瞬間移動かのような爆裂な移動方法で、一気に敵の前に出た。
「消す! 仙掌底」
手の指の全てを折り曲げて、手の平全体で敵を捉える仙人の技。
その攻撃の振りの速さは、手が消えたように感じる。
人とは隔絶した能力の掌底攻撃で、砂人形の肉体は消滅した。
木っ端みじんになるほどの破壊ではなく、この世から消滅する圧倒的な攻撃力である。
戦況は数の違いがあってもこちらが優勢。
二人の力は、Dランクのモンスターを遥かに上回っていた。
「きゃあああああああああああああああああああ」
観光客の悲鳴が聞こえた。
オレが振り向くと、女性に手を伸ばしている敵がいたのだ。
それは砂人形ではなく、ゴブリンだった。
「な、なぜ!?」
疑問に思う時間がもったいなかった。
反応が遅れてしまったオレよりも、勇気あるママルさんが観光客の女性をかばって、ゴブリンに捕まってしまった。
引きずられていく彼女は、プロテクトウォールからも出て行き、山の斜面の方に連れていかれた。

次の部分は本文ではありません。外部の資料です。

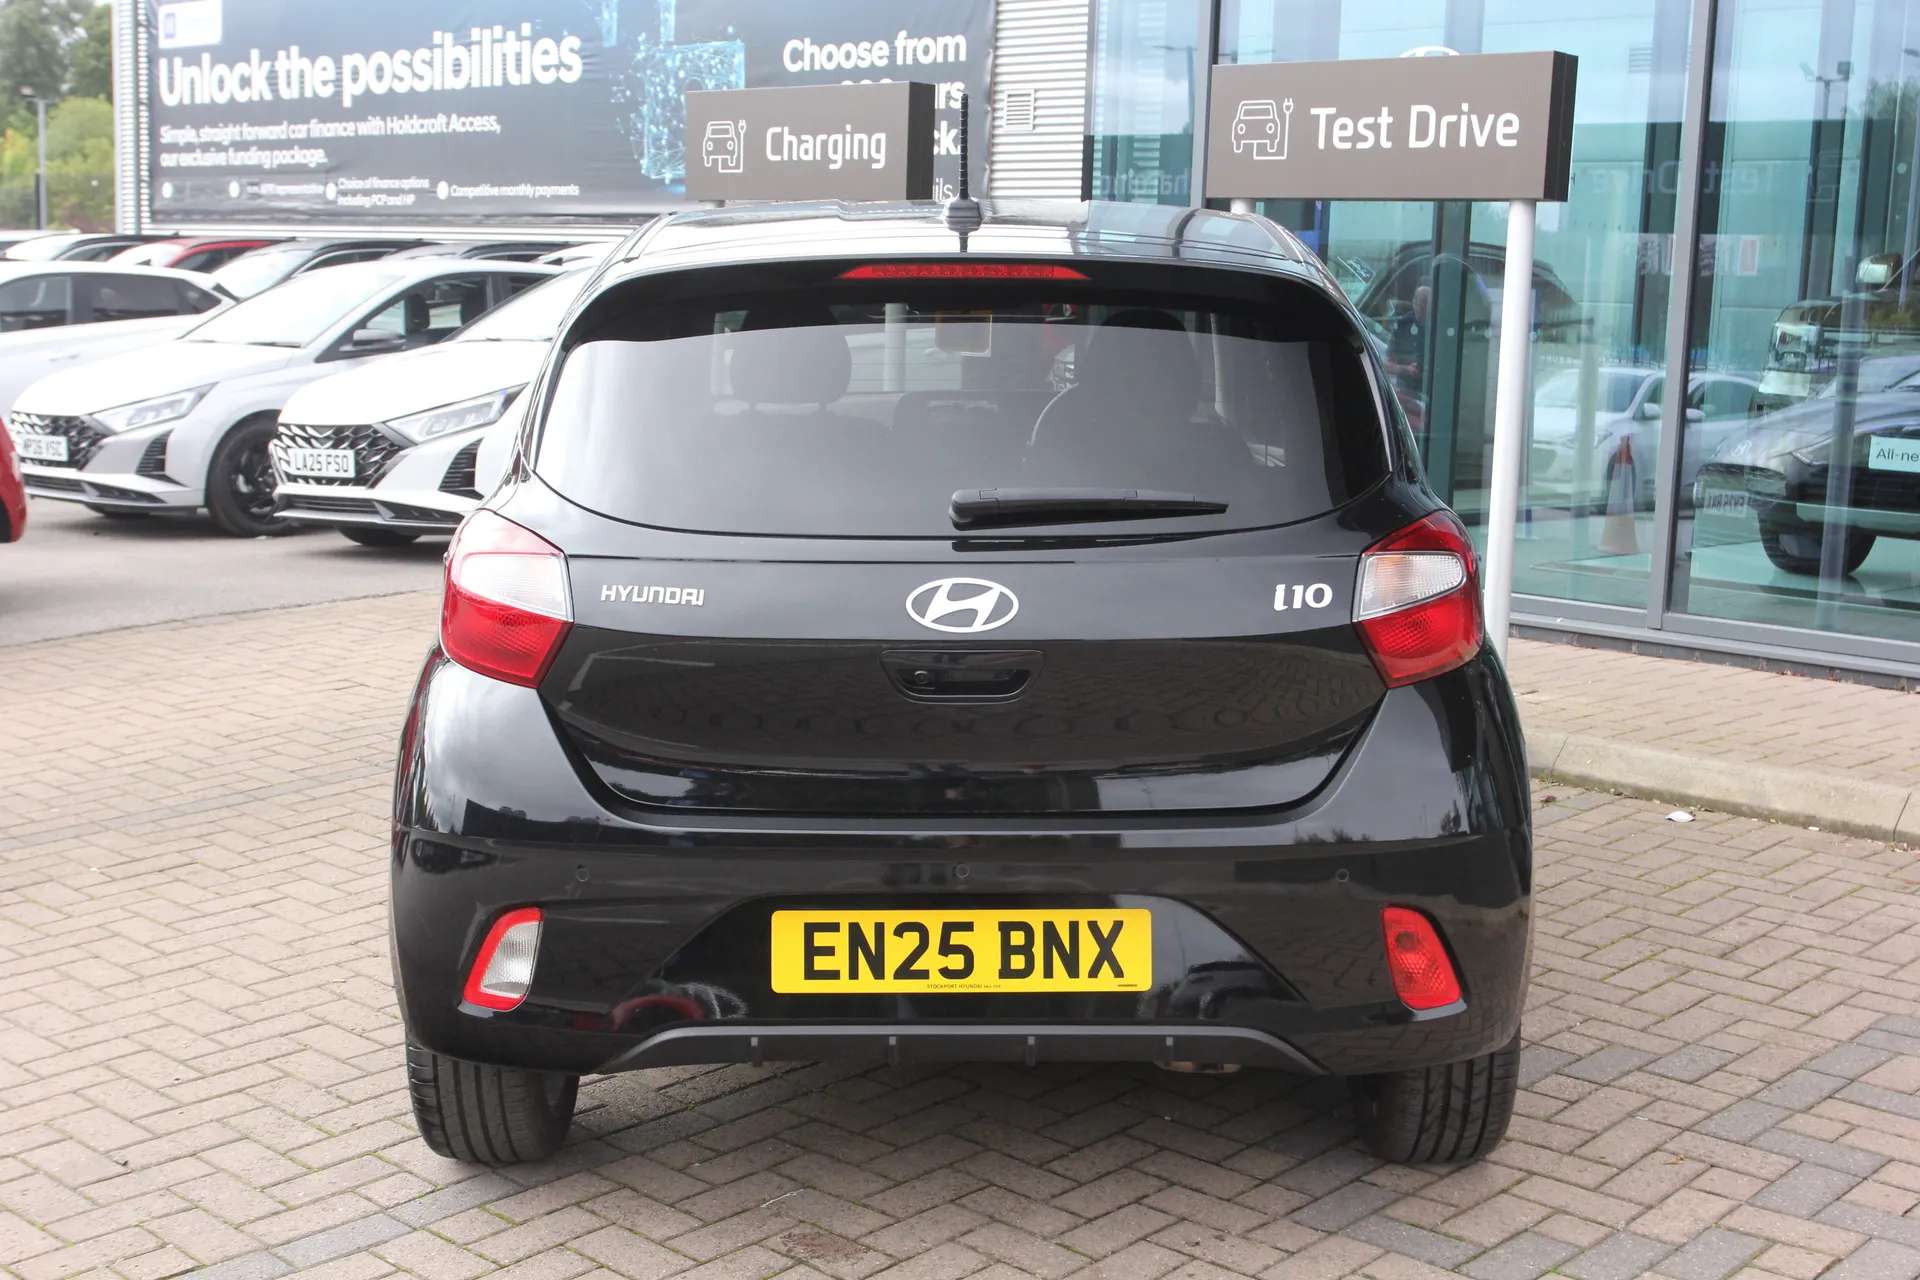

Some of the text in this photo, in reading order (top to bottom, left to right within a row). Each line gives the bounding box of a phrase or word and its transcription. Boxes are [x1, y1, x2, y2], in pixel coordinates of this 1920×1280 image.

[158, 22, 583, 107] Unlock the possibilities
[783, 30, 966, 73] Choose from
[934, 81, 965, 109] rs
[160, 113, 501, 146] Simple, straight forward car finance with Holdcroft Access,
[1310, 103, 1519, 150] Test Drive
[160, 145, 328, 169] our exclusive funding package.
[766, 124, 887, 169] Charging
[450, 184, 580, 198] Competitive monthly payments
[294, 453, 323, 472] LA25
[600, 584, 705, 606] HYUNDAI
[1273, 583, 1333, 611] i10
[803, 919, 1124, 981] EN25 BNX
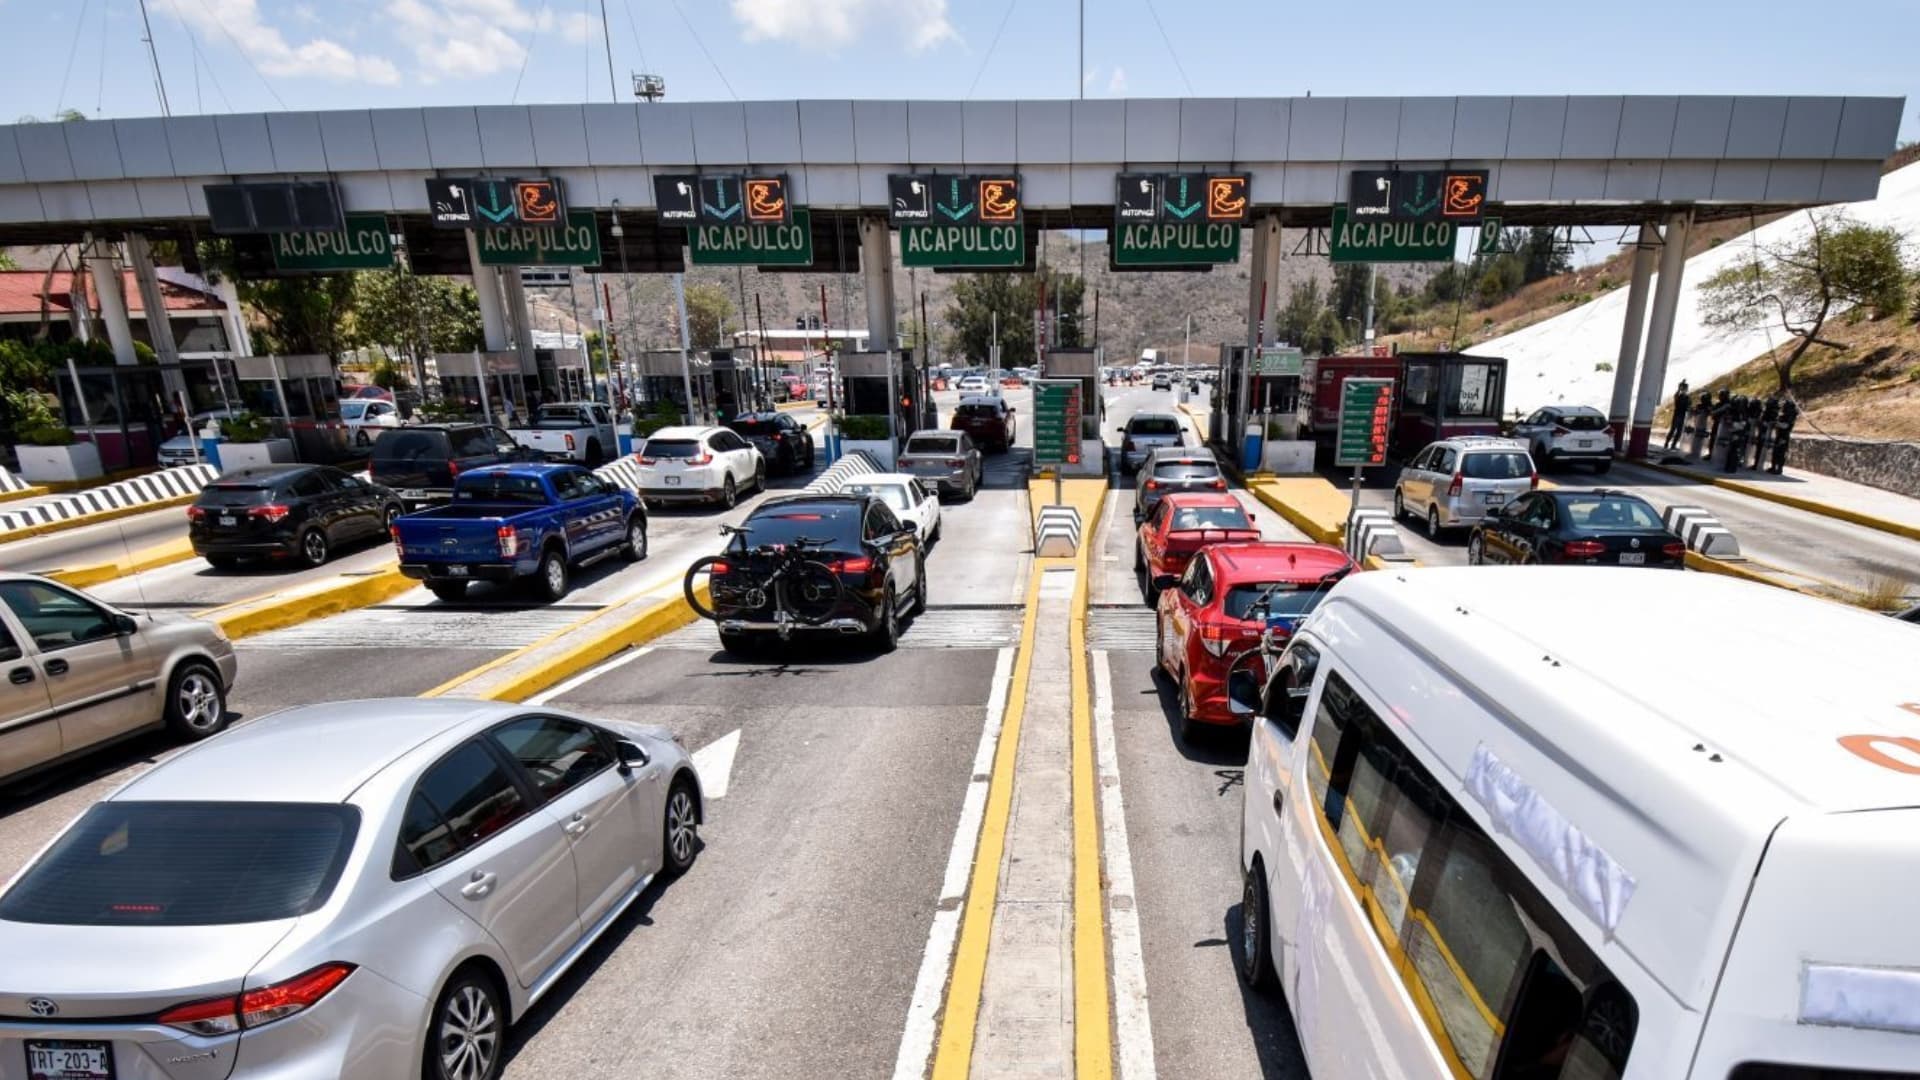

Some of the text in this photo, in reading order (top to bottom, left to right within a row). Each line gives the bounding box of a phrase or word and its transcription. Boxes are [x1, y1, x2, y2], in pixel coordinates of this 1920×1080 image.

[279, 230, 386, 256] ACAPULCO
[484, 226, 592, 251] ACAPULCO
[697, 225, 804, 250] ACAPULCO
[908, 226, 1017, 252] ACAPULCO
[1123, 224, 1233, 249] ACAPULCO
[1338, 222, 1450, 248] ACAPULCO
[1482, 220, 1498, 250] 9
[30, 1050, 109, 1070] TRT-203-A

「ママルさん!? クソ! イー! ミー! 全力で戦え。オレはこのままママルさんを助けに行く。指揮は届かないから、自分の力で頼む」
「おっしゃ、必ず救えよ。ルル!」
「わかってる!」
「まかされた! ルル!」
イージスが珍しく大声で返答した。
「信じてるぞ。イー!」
イージスに返答した後、エルにも声をかけた。
「エル。まだ魔法は展開していてくれ。きついだろうがな」
「大丈夫です。まだいけます」
エルミナは強く頷いた。
「おし、そいつらを全て片付けたと思ったら、レオの加勢をしてくれ」
「「わかった」」
戦場の全てを仲間に任せたオレは、ママルさんを救出しにゴブリンを追いかけた。